> [Task objective] Provide a verbatim copy of all the records below, leaving the images out.

-- Opening Marker --

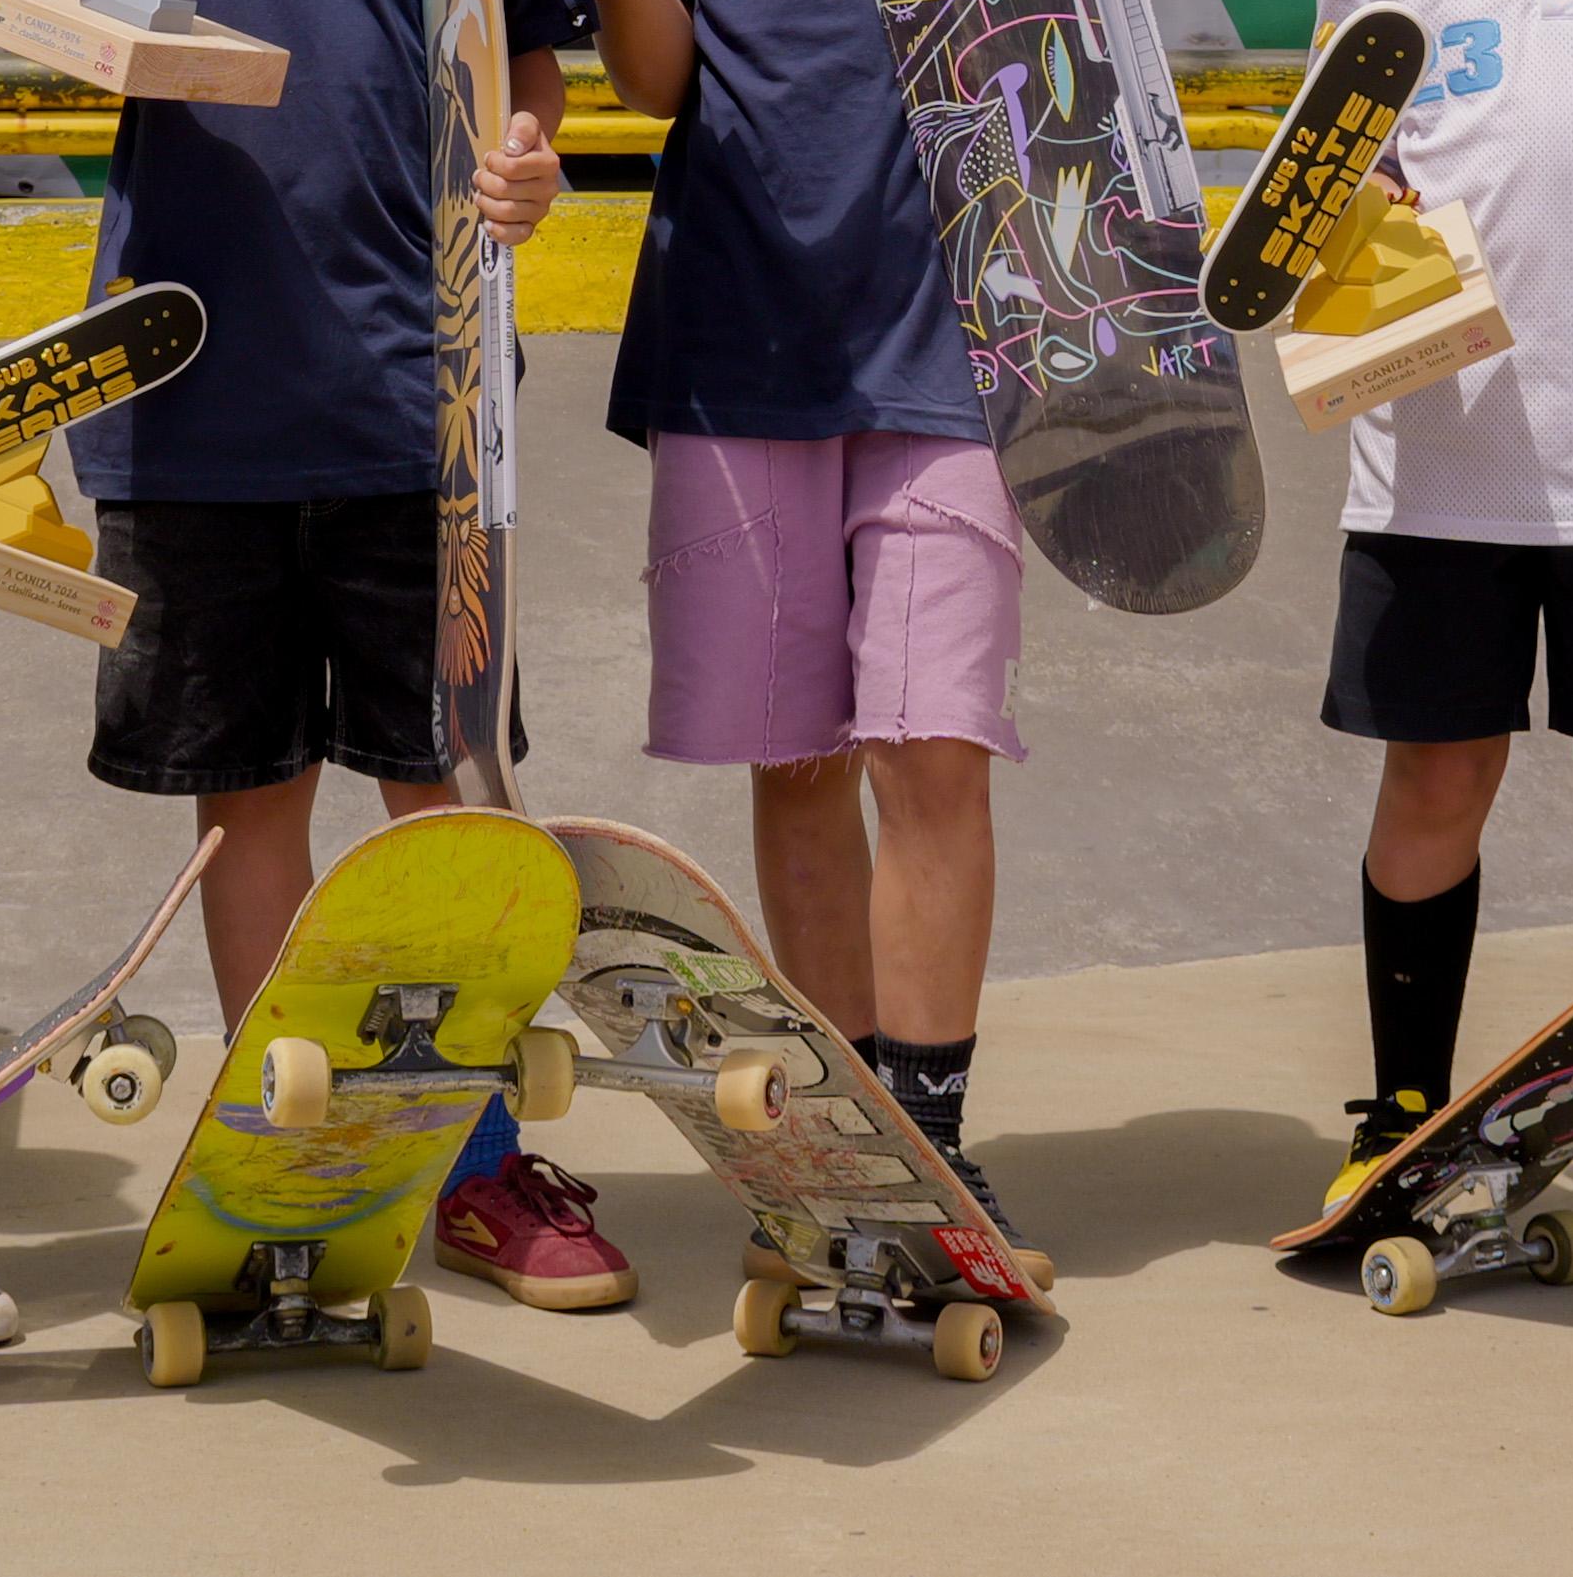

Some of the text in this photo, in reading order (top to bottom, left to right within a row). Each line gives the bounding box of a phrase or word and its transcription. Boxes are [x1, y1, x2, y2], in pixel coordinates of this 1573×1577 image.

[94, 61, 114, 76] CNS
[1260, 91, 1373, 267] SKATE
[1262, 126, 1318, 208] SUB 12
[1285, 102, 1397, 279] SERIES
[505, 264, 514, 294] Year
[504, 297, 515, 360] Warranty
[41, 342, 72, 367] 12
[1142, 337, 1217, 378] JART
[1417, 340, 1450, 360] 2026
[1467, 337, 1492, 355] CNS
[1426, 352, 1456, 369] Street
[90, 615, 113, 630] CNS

-- Closing Marker --

> [Task output]
Some of the text in this photo, in reading order (top to bottom, left to right within a row). Each line gives the bounding box of a phrase or word and its transcription. Boxes are [x1, y1, x2, y2], in pixel coordinates of this 1573×1577 image.

[94, 61, 114, 76] CNS
[1260, 91, 1373, 267] SKATE
[1262, 126, 1318, 208] SUB 12
[1285, 102, 1397, 279] SERIES
[505, 264, 514, 294] Year
[504, 297, 515, 360] Warranty
[41, 342, 72, 367] 12
[1142, 337, 1217, 378] JART
[1417, 340, 1450, 360] 2026
[1467, 337, 1492, 355] CNS
[1426, 352, 1456, 369] Street
[90, 615, 113, 630] CNS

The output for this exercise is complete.